WHAT THE TASK REQUIRES: What you return must match the listing below line for line, minus its pictures.
§ §
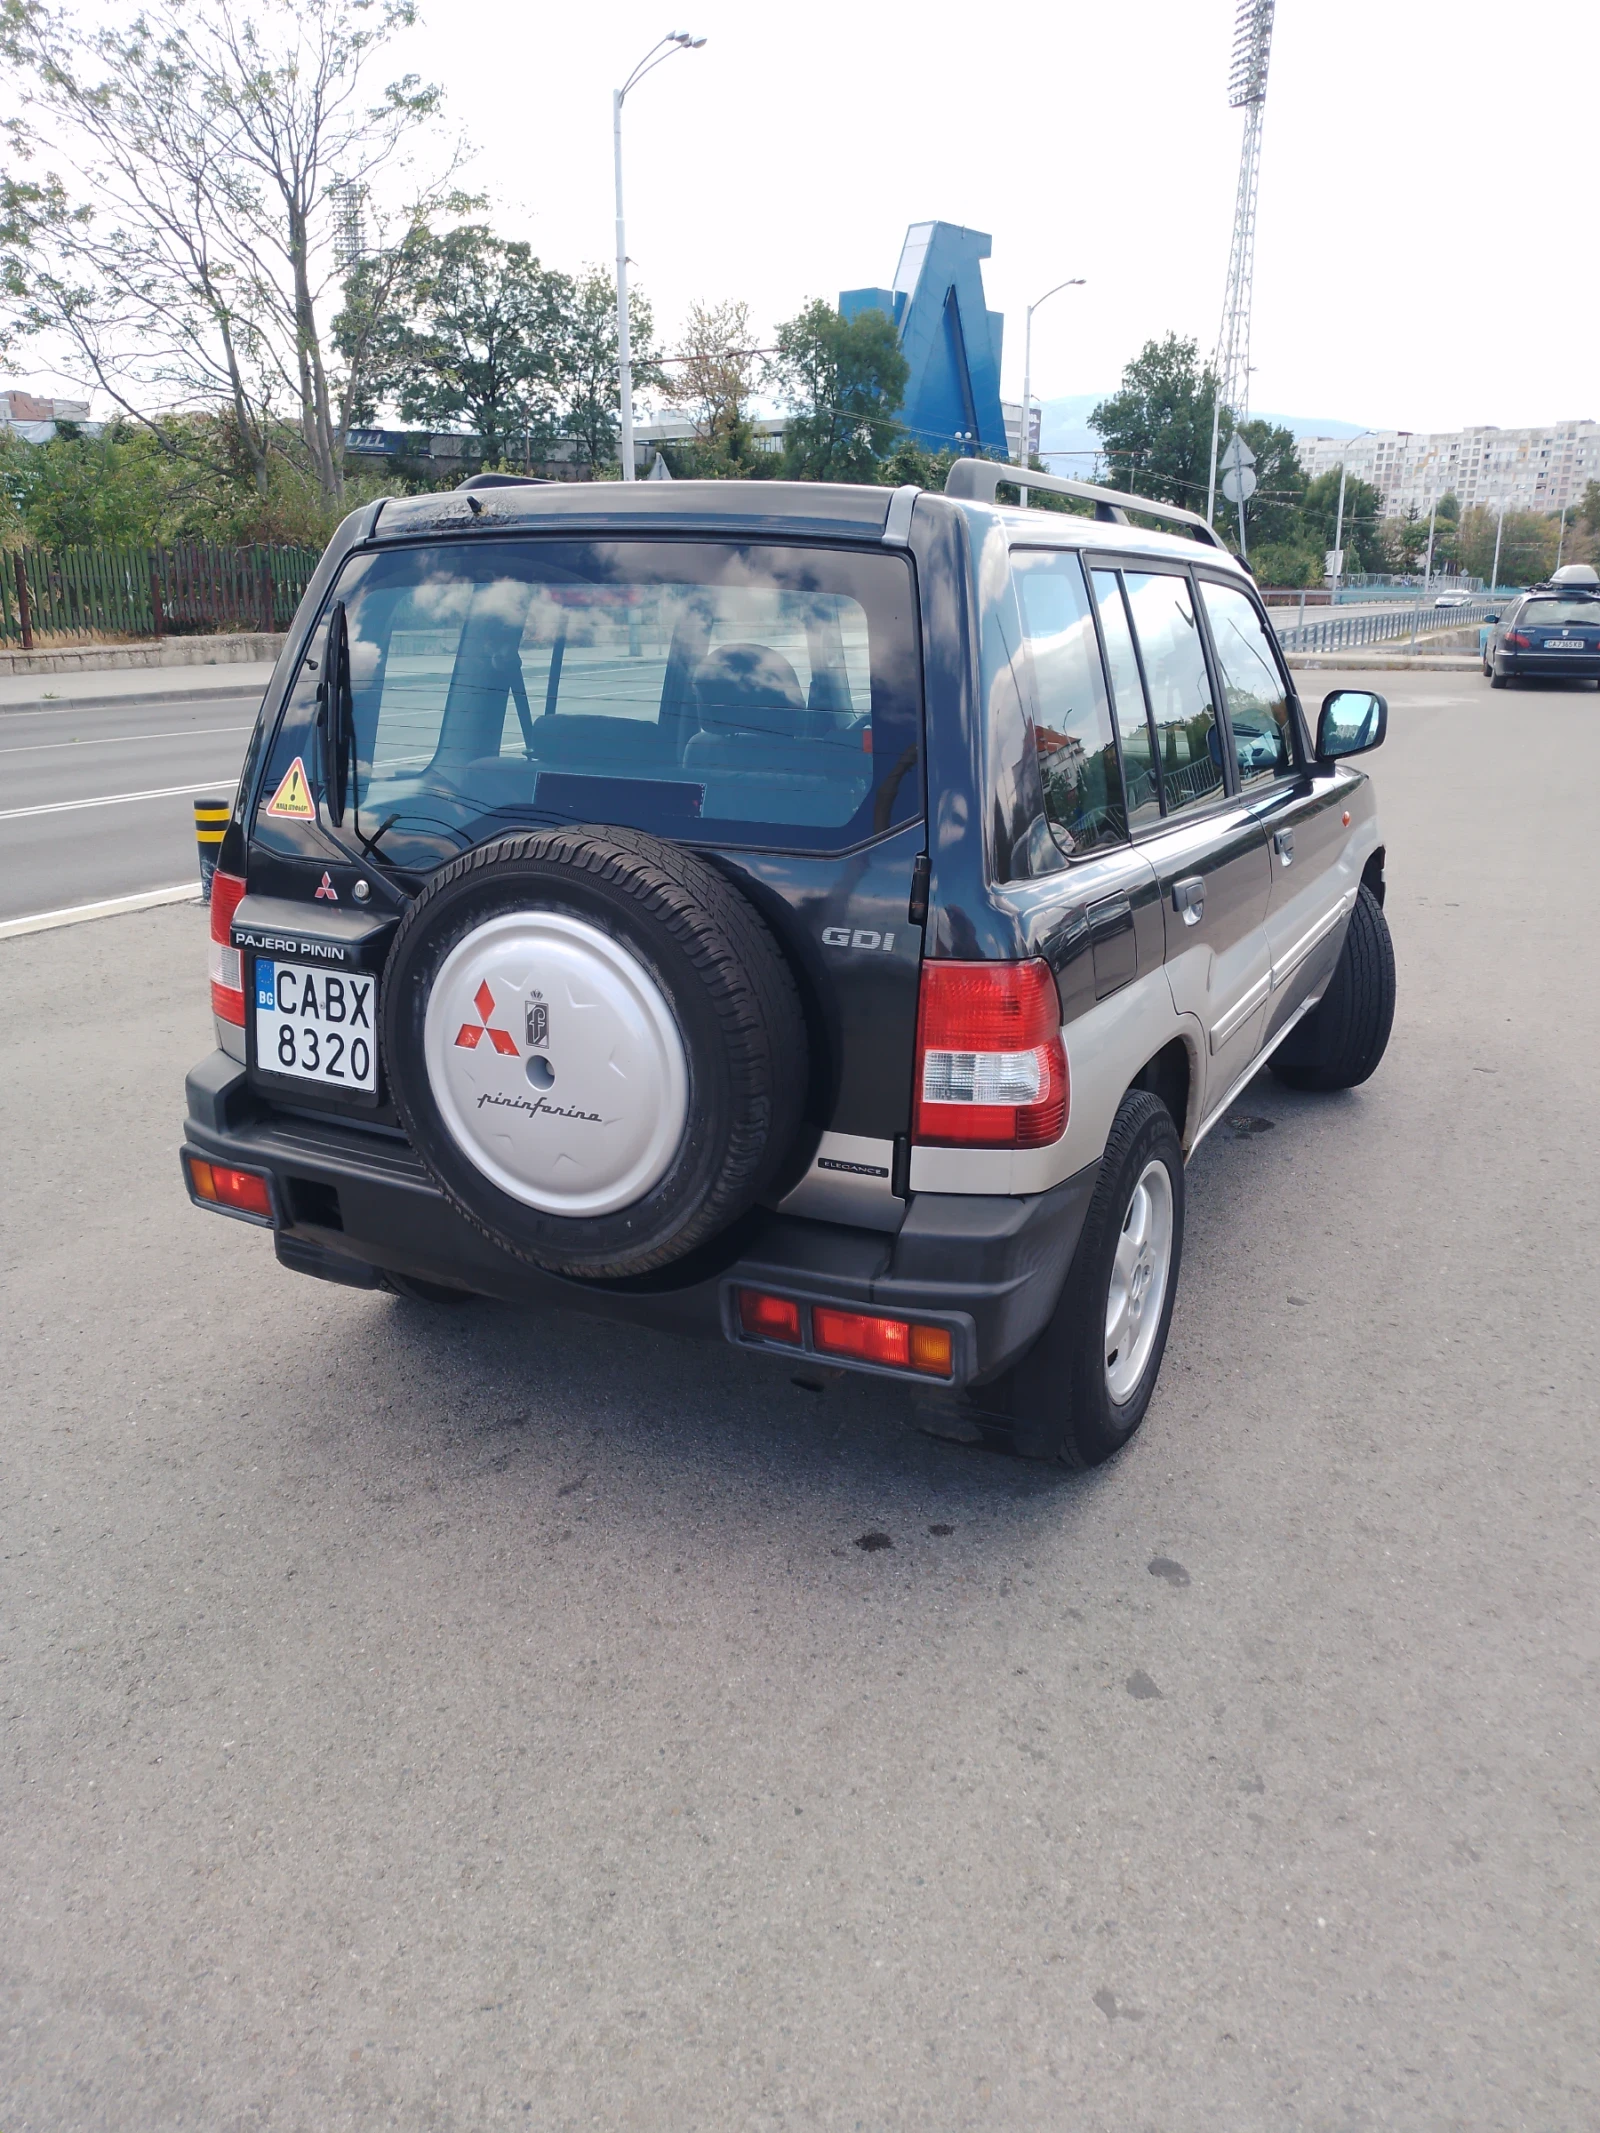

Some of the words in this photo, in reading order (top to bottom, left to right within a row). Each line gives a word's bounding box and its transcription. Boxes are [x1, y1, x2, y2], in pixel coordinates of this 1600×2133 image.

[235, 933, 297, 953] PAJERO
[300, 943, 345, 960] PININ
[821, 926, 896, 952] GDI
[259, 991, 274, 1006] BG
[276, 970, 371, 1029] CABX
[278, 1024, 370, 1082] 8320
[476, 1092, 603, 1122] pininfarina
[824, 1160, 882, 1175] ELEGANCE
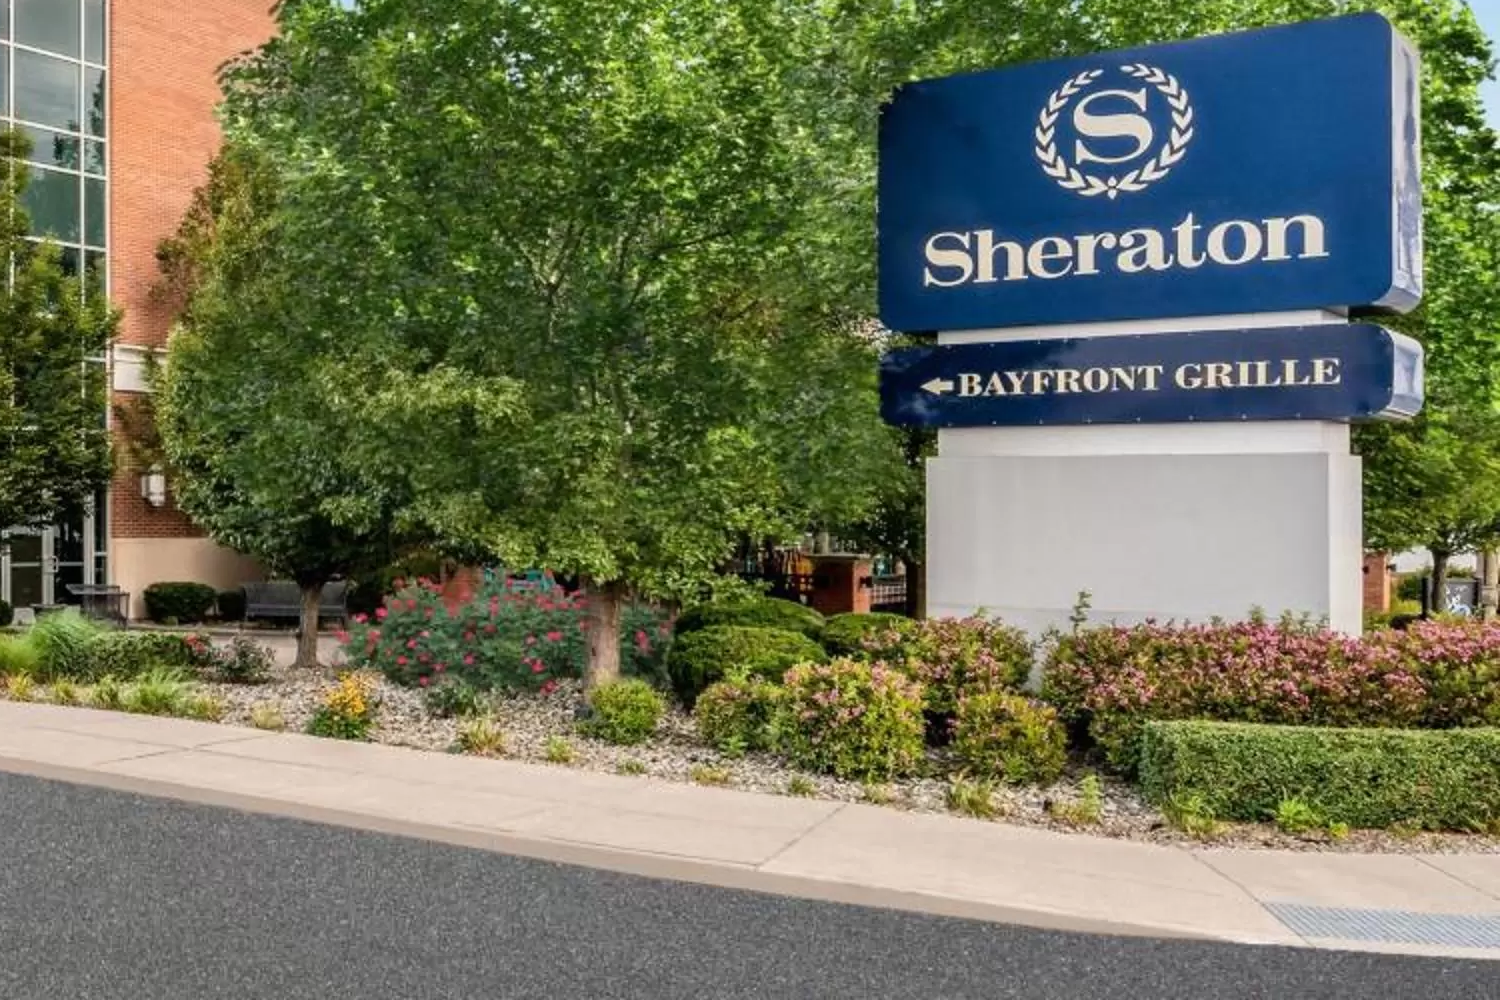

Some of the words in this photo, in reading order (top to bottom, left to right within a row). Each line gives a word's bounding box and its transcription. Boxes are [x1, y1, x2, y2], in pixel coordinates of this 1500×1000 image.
§ §
SOLUTION:
Some of the words in this photo, in reading order (top to bottom, left to right within a row). Each line gives a word's bounding box and its transcription. Boxes are [x1, y1, x2, y2], in pixel coordinates of this 1600×2133 image.

[235, 933, 297, 953] PAJERO
[300, 943, 345, 960] PININ
[821, 926, 896, 952] GDI
[259, 991, 274, 1006] BG
[276, 970, 371, 1029] CABX
[278, 1024, 370, 1082] 8320
[476, 1092, 603, 1122] pininfarina
[824, 1160, 882, 1175] ELEGANCE

Some of the words in this photo, in reading order (top to bottom, left to right within a row). Each line gives a word's bounding box and its transcription. Boxes are [x1, y1, x2, y2], in pixel coordinates of this 1500×1000 image.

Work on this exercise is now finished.